- PMID: 39416016
- PMCID: PMC11483066
- DOI: 10.1101/2024.10.11.614514
Abstract
Epitranscriptomic modifications modulate diverse biological processes, such as regulation of gene expression, abundance, location and function. In particular, N6-methyladenosine (m6A) methylation has been shown to regulate various disease processes, including cancer and inflammation. While there is evidence that m6A modification is functionally relevant in neural development and differentiation, the role of m6A modification in HIV neuropathogenesis is unknown. Here, we identified direct m6A modifications in miRNAs from BG tissues of Rhesus Monkeys (RMs) that were either vehicle-treated uninfected (VEH), SIV-infected combination anti-retroviral therapy (cART) treated (VEH/SIV/cART), or THC:CBD treated VEH/SIV/cART (THC:CBD/SIV/cART) RMs.
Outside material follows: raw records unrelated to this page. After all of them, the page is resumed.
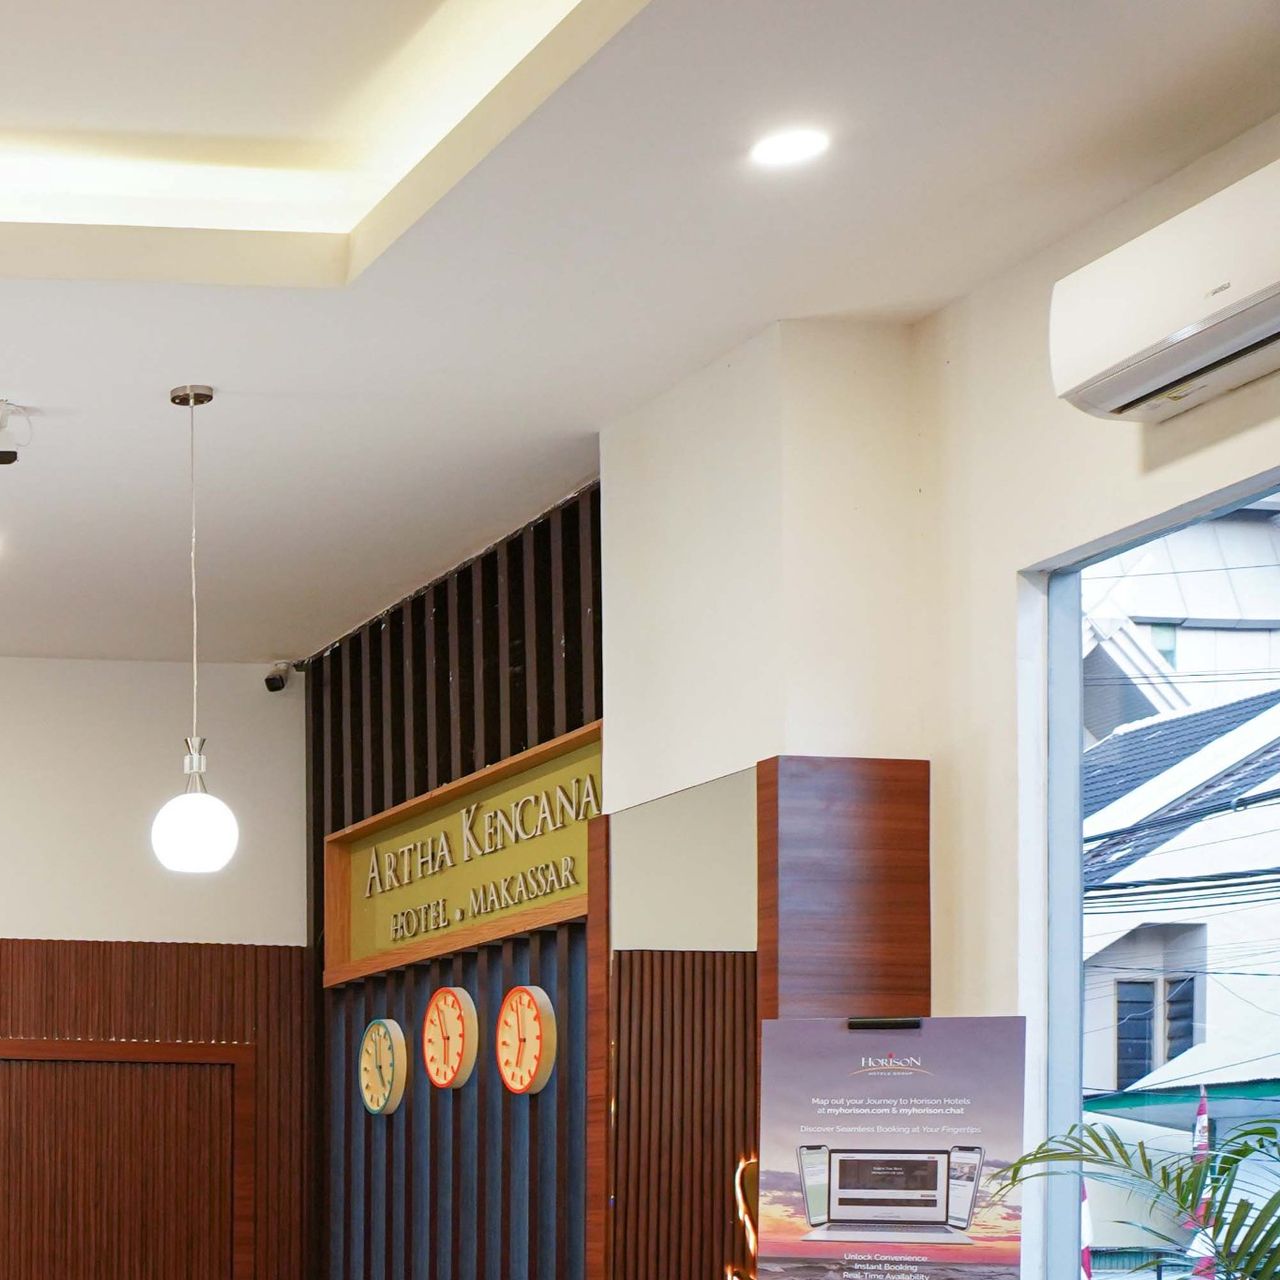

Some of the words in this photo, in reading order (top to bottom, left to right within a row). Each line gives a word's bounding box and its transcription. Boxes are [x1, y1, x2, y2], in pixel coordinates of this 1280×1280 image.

[364, 830, 456, 898] ARTHA
[460, 773, 601, 862] KENCANA
[391, 898, 449, 941] HOTEL
[468, 855, 579, 917] MAKASSAR
[811, 1097, 830, 1106] Map
[845, 1098, 864, 1107] your
[865, 1097, 898, 1107] Journey
[910, 1097, 942, 1105] Horison
[943, 1097, 971, 1105] Hotels
[827, 1106, 890, 1116] myhorison.com
[899, 1106, 965, 1116] myhorison.chat
[876, 1125, 911, 1135] Booking
[843, 1253, 872, 1261] Unlock
[874, 1253, 928, 1262] Convenience
[884, 1263, 918, 1273] Booking
[842, 1271, 884, 1280] Real-Time
We detected m6A modifications across all BG tissues. SIV infection promoted an overall hypomethylated m6A profile. While the overall hypomethylated m6A profile was not significantly impacted by THC:CBD treatment, specific miRNAs, particularly those predicted to target proinflammatory genes showed markedly reduced m6A methylation levels compared to the VEH treated RMs. Additionally, we found that specific BG tissue miRNAs bearing m6A epi-transcriptomic marks were also transferred to BG-derived extracellular vesicles (EVs). Mechanistically, we identified the DRACH motif of the seed region of miR-194-5p to be significantly m6A hypomethylated, which was predicted to directly target STAT1, an important interferon-activated transcription factor known to drive neuroinflammation, in diseases ranging from Alzheimer to Parkinson and Huntington disease. Notably, THC:CBD treatments significantly reduced m6A methylation of 43 miRNA species directly involved in regulating CNS network genes, thus providing a possible mechanist explanation on the beneficial effects of THC:CBD treatments noted in several disease involving neuroinflammation. Our findings also underscore the need for investigating the qualitative, posttranscriptional modification changes in the RNA profiles along with the more traditional, qualitative alterations in pathological conditions or after various treatment regimens.